IN DEFENSE OF IMPERFECTION?

In a discussion last year Ms. Kandice Beard spoke powerfully about how she wished she never had to cope with epilepsy in her life. She claimed it had had a huge effect on who she was. It caused her enormous suffering. It was an unwanted burden that diminished her quality of life.

We also discussed the future possibilities in genetic engineering and stem cells. We examined how genomics appears to offer the opportunity to eventually eradicate from our collective gene pool such horrors as childhood leukemia, Down’s syndrome, congenital heart defects, Alzheimer’s disease, and a whole host of other maladies that have plagued mankind for millennium. Transgenic foods could help to cut down on pesticides, save plants threatened by disease, increase crop yields, and help feed the hungry in Africa. With stem cells we might soon repair damaged heart, brain, or nerve cells. Therapeutic cloning is the key to stem cell therapies, and right now embryonic stem cells are our best bet for therapeutic cloning. Is all this ethically sound? Is this just more of mankind using reason to understand the physical world around us through science to relieve “unnecessary suffering” and extend life and the quality of life? Is this not just the next stage of evolution -- evolutionary change which is "directed" rather than "random"? As philosopher Frederick Nietzsche claimed in Thus Spoke Zarathustra:

"All beings so far have created something beyond themselves; and do you want to be the ebb of this great flood and even go back to the beasts rather than overcome man? What is the ape to man? A laughingstock or a painful embarrassment. And man shall be just that for the overman: a laughingstock or a painful embarrassment. You have made your way from worm to man, and much in you is still worm.
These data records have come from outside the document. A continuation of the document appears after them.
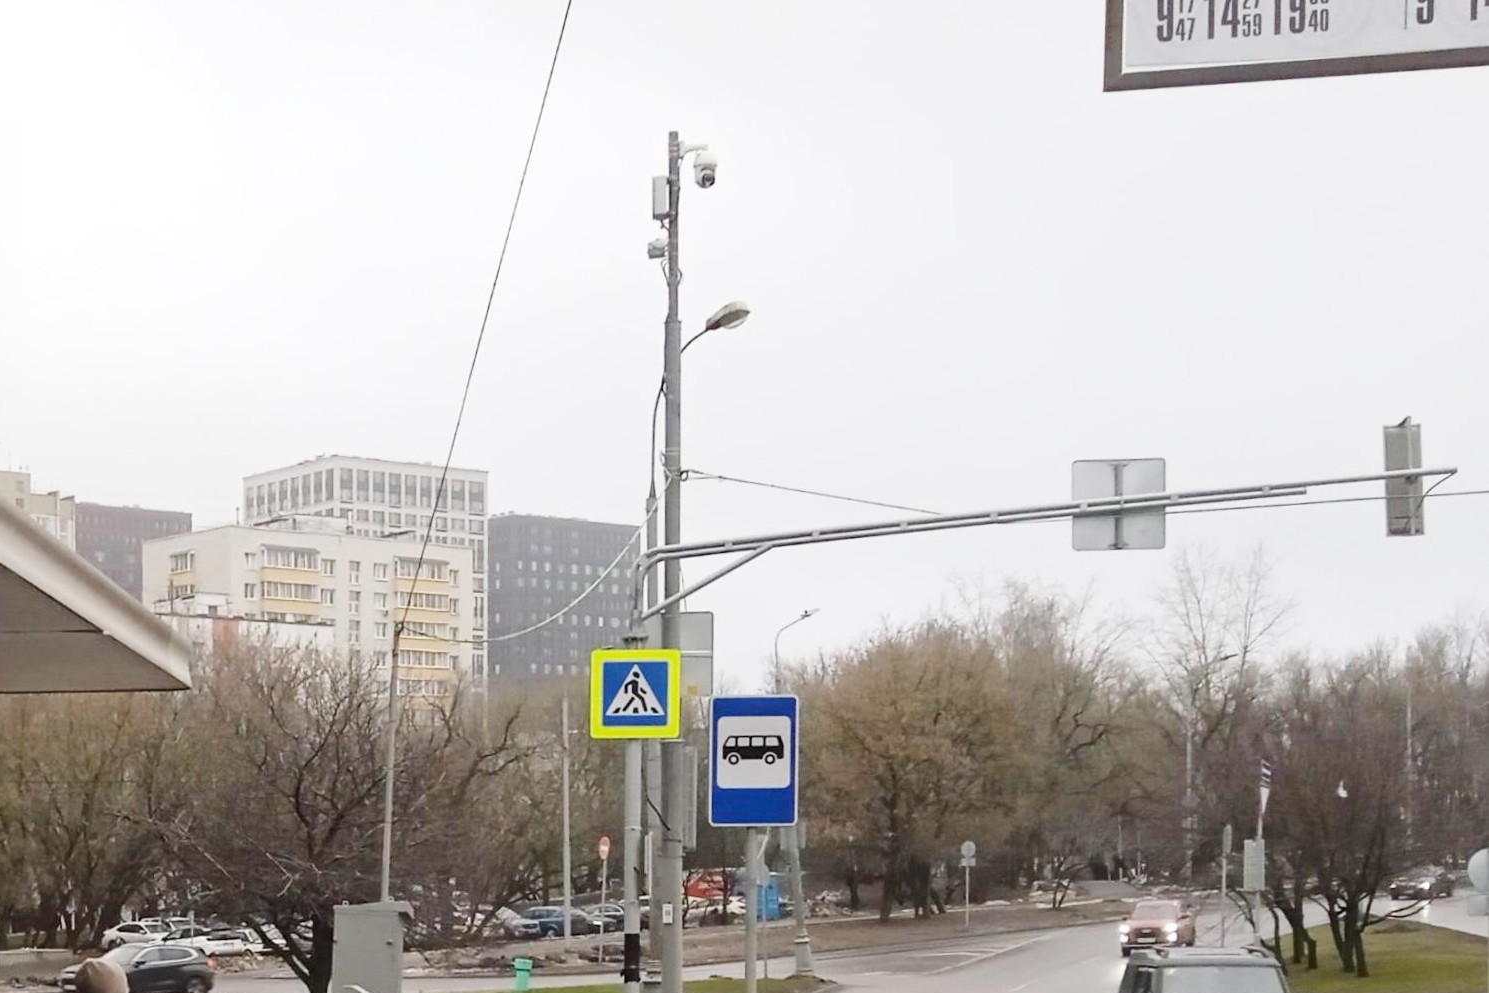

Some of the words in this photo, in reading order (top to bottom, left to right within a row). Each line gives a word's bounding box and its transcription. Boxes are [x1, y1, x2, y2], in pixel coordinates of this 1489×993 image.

[1175, 17, 1196, 41] 47
[1242, 13, 1262, 37] 59
[1308, 9, 1329, 33] 40
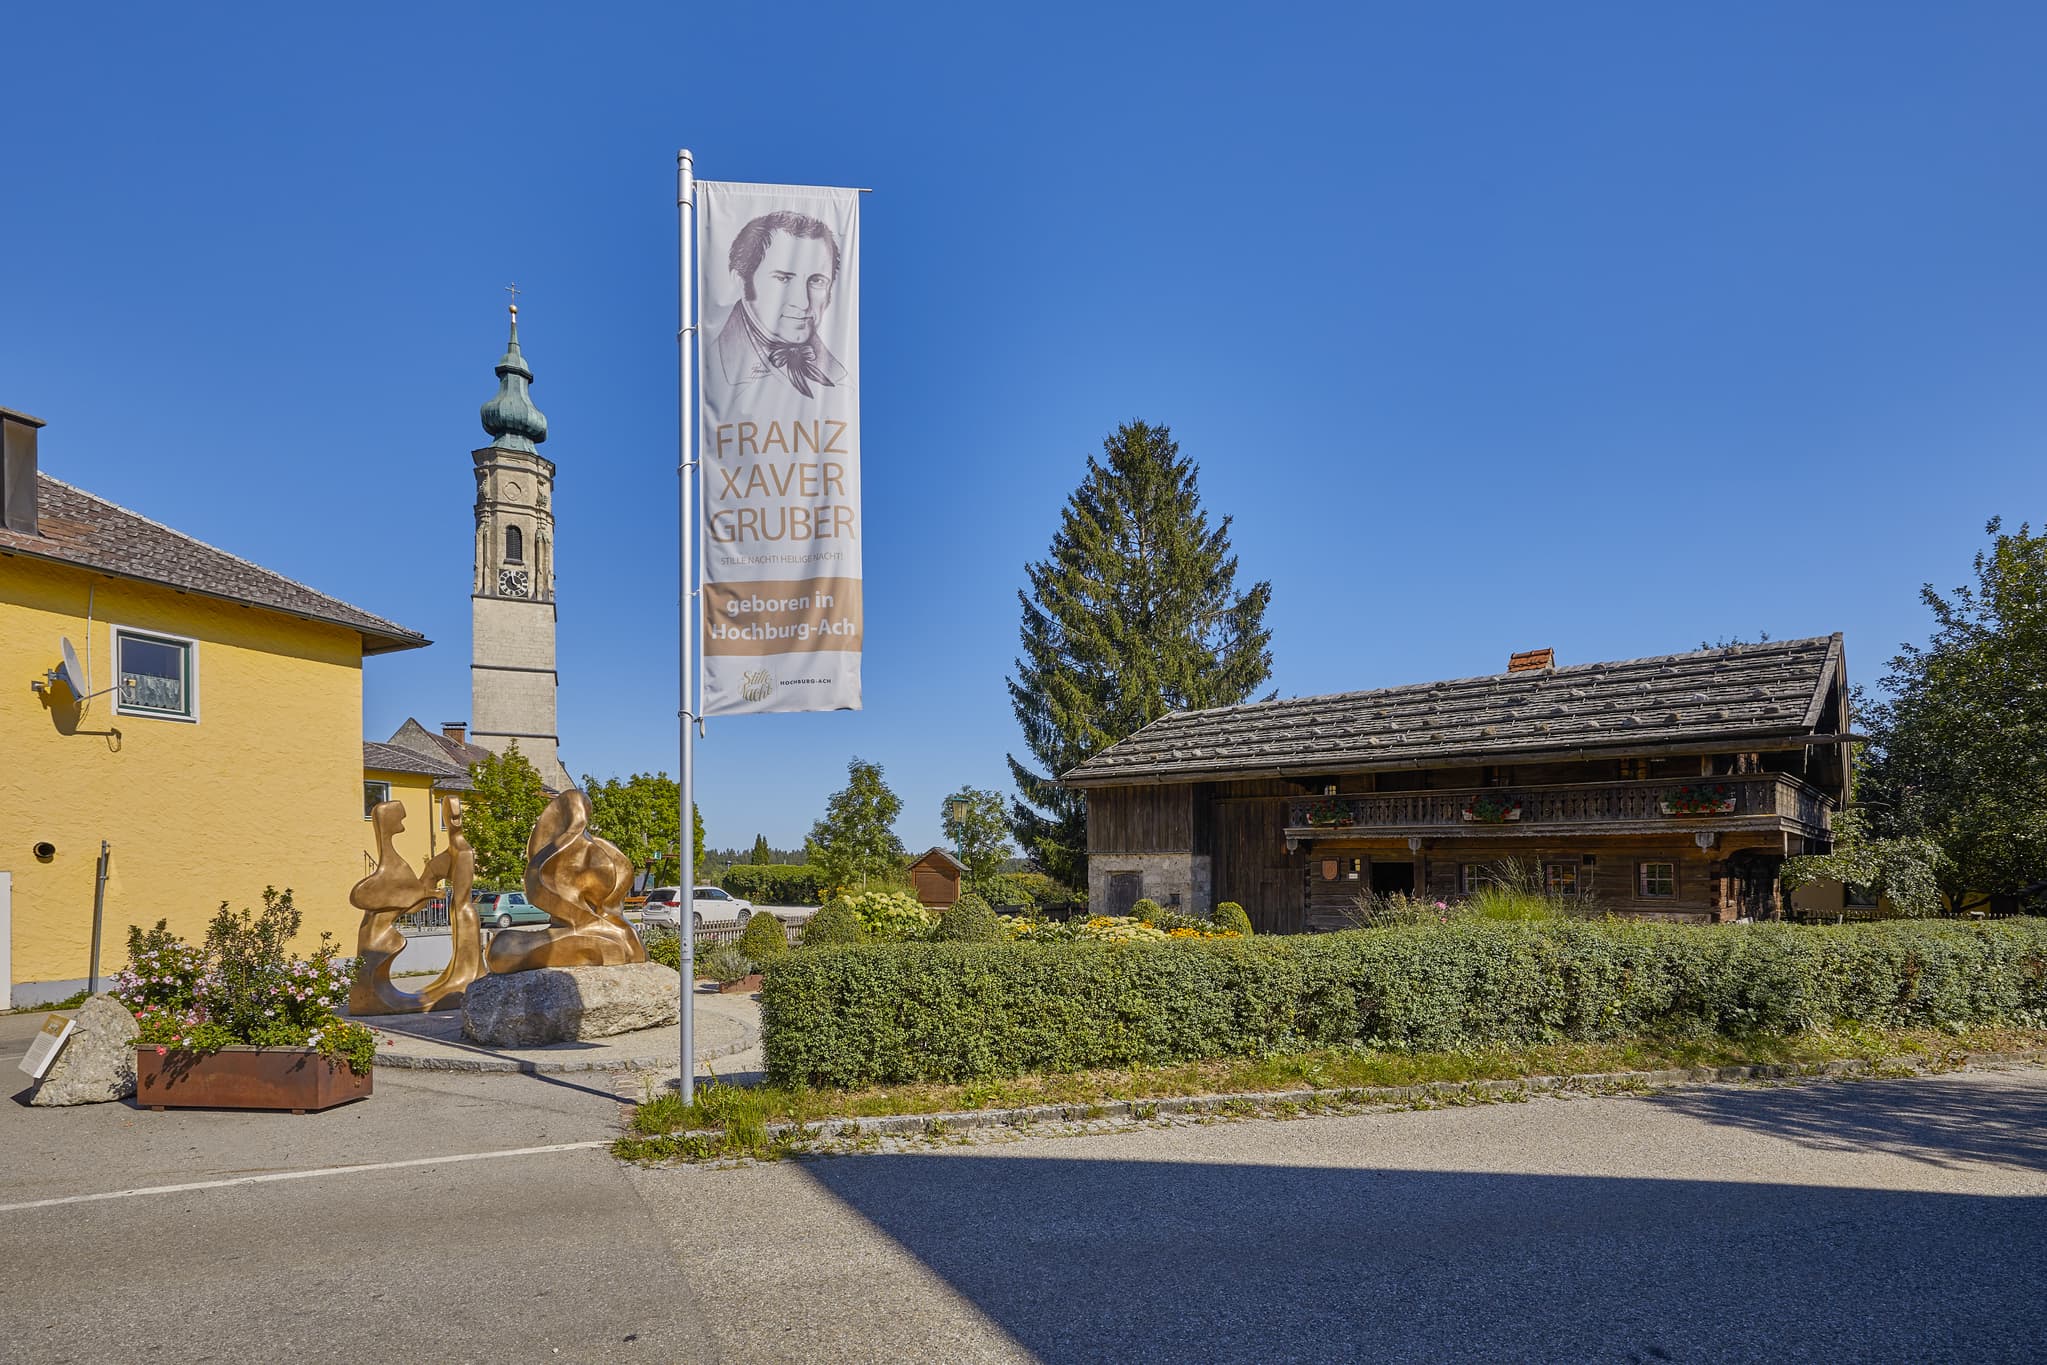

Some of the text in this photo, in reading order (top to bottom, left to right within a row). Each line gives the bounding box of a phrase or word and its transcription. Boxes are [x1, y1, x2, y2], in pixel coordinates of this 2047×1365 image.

[716, 420, 848, 459] FRANZ
[720, 462, 845, 500] XAVER
[710, 505, 855, 543] GRUBER
[726, 591, 834, 618] geboren in
[711, 617, 856, 641] Hochburg-Ach
Once you were apes, and even now, too, man is more ape than any ape."

Professor of molecular biology and geneticist Lee Silver from Princeton University put it less colorfully but more concretely:

"Why not seize the power? Why not control what has been left to chance in the past? Indeed, we control all other aspects of our children's lives and identities through powerful social and environmental influences and, in some cases, with the use of powerful drugs like Ritalin and Prozac. On what basis can we reject genetic influences on a person's essence when we accept the rights of parents to benefit their children in every other way?"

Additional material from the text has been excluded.